Segment Start: Data extract
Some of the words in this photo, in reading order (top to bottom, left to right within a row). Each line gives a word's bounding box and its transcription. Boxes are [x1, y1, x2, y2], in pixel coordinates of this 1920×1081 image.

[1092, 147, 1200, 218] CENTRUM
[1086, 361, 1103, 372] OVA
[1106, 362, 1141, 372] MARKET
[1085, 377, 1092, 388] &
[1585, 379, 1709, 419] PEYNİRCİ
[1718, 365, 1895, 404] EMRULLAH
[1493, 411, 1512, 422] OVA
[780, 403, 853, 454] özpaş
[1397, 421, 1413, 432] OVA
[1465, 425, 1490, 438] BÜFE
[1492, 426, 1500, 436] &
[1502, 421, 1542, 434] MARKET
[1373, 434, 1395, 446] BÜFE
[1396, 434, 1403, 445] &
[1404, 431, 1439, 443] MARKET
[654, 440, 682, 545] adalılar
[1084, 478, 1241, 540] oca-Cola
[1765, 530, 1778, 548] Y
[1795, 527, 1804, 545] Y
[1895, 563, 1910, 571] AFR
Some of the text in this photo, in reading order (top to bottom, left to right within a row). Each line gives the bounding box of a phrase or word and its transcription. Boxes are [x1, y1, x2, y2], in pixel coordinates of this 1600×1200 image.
Segment End: Data extract
Segment Start: Data extract
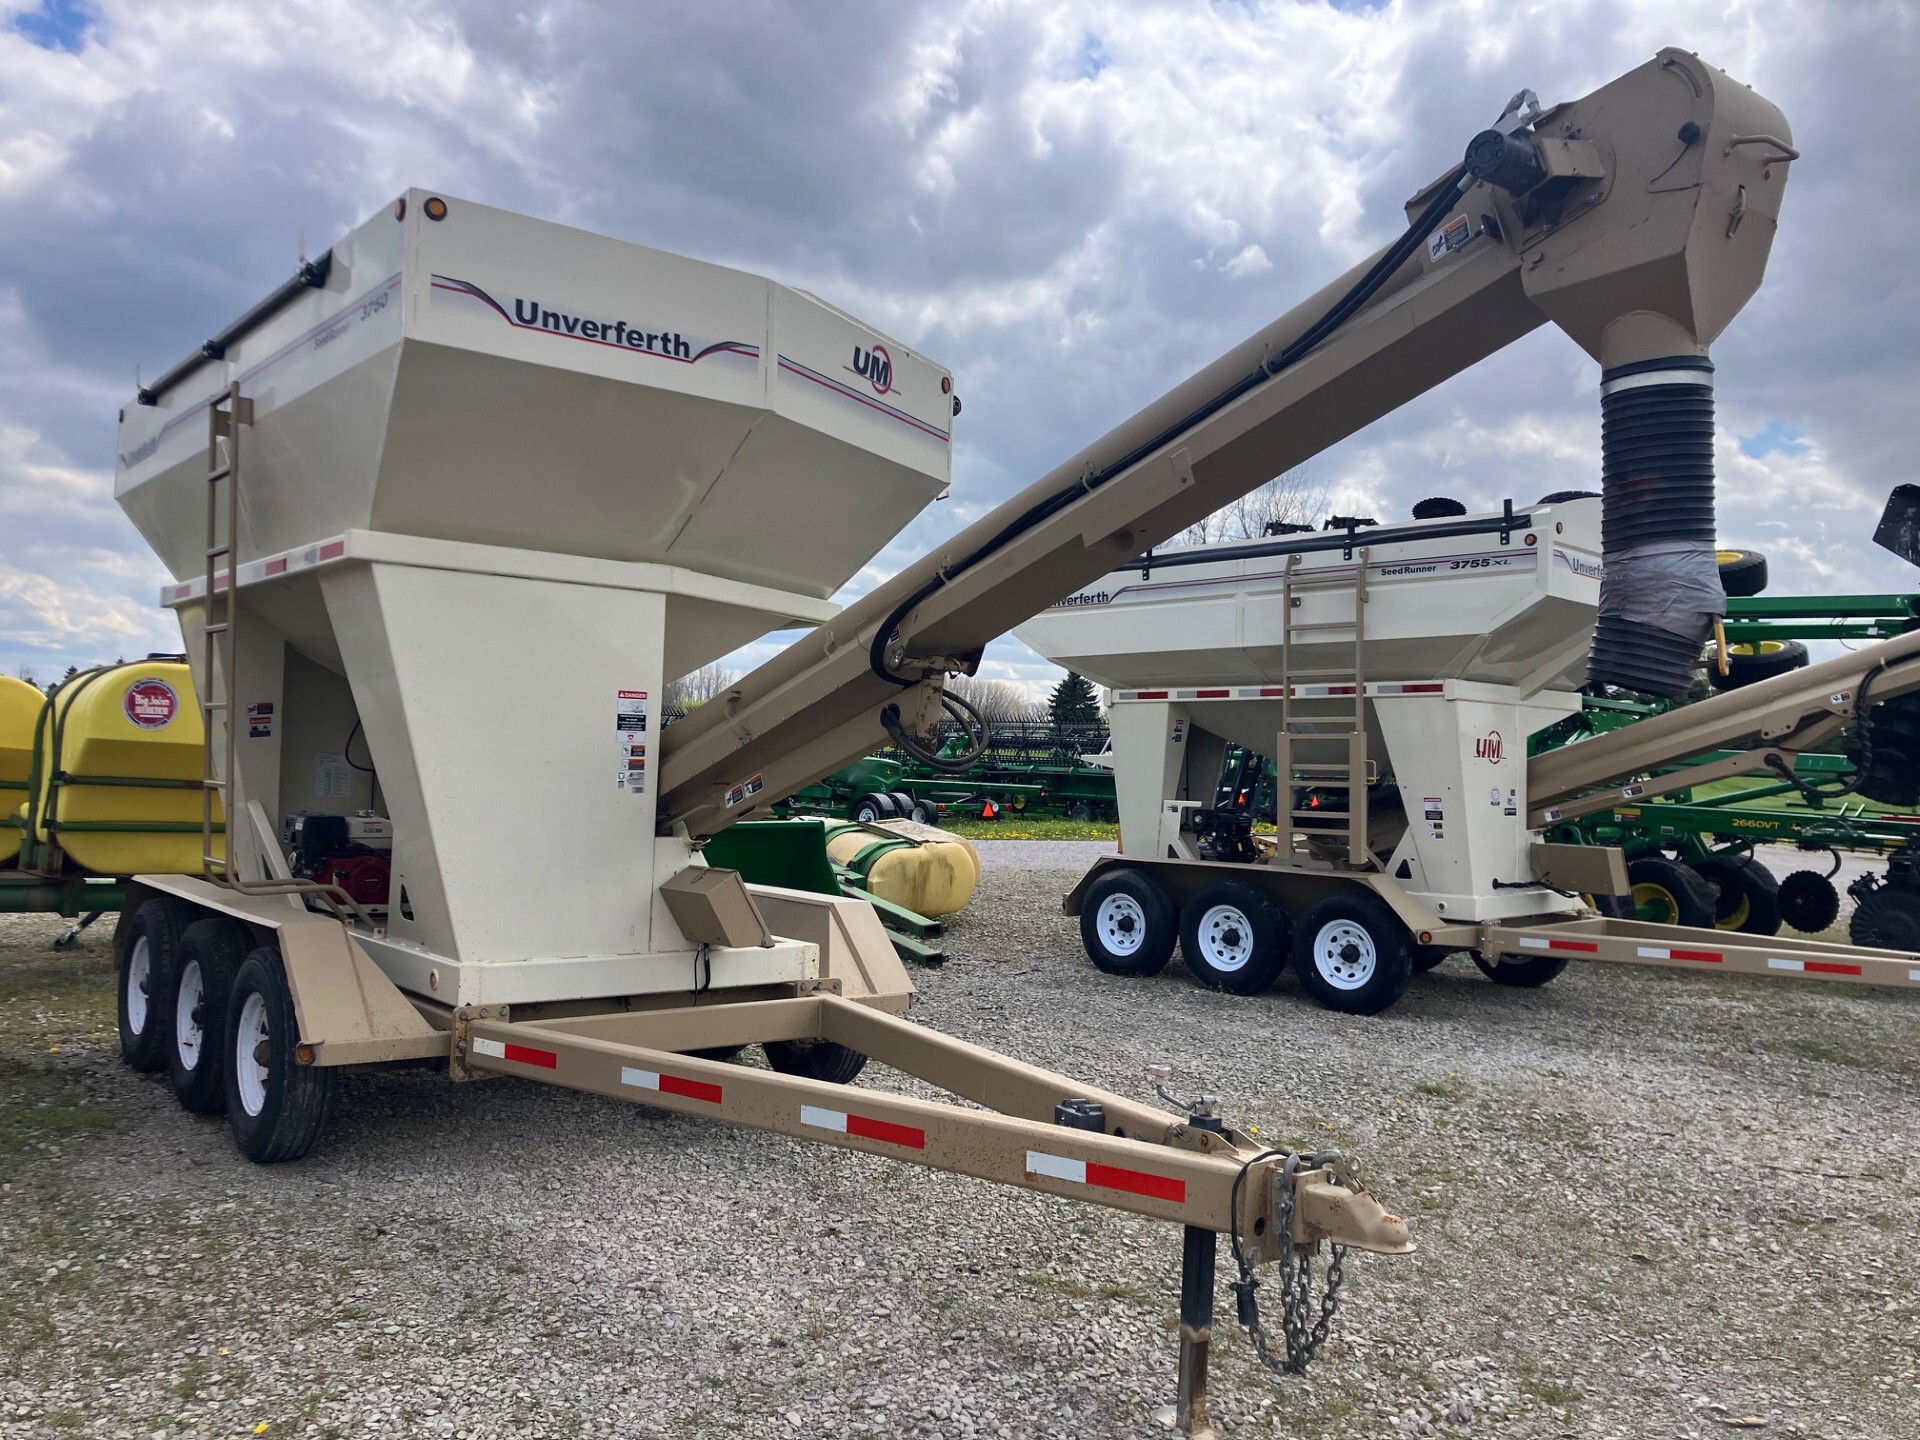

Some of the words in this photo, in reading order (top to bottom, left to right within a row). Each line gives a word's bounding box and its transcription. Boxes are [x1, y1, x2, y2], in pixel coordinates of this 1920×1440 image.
Segment End: Data extract
* [What you have to do]: Please write out, exactly as they appear above, only the lines in the stretch from the line with "this 1920×1081 image." through the line with "Some of the text".

* [Task answer]:
Some of the words in this photo, in reading order (top to bottom, left to right within a row). Each line gives a word's bounding box and its transcription. Boxes are [x1, y1, x2, y2], in pixel coordinates of this 1920×1081 image.

[1092, 147, 1200, 218] CENTRUM
[1086, 361, 1103, 372] OVA
[1106, 362, 1141, 372] MARKET
[1085, 377, 1092, 388] &
[1585, 379, 1709, 419] PEYNİRCİ
[1718, 365, 1895, 404] EMRULLAH
[1493, 411, 1512, 422] OVA
[780, 403, 853, 454] özpaş
[1397, 421, 1413, 432] OVA
[1465, 425, 1490, 438] BÜFE
[1492, 426, 1500, 436] &
[1502, 421, 1542, 434] MARKET
[1373, 434, 1395, 446] BÜFE
[1396, 434, 1403, 445] &
[1404, 431, 1439, 443] MARKET
[654, 440, 682, 545] adalılar
[1084, 478, 1241, 540] oca-Cola
[1765, 530, 1778, 548] Y
[1795, 527, 1804, 545] Y
[1895, 563, 1910, 571] AFR
Some of the text in this photo, in reading order (top to bottom, left to right within a row). Each line gives the bounding box of a phrase or word and its transcription. Boxes are [x1, y1, x2, y2], in pixel coordinates of this 1600×1200 image.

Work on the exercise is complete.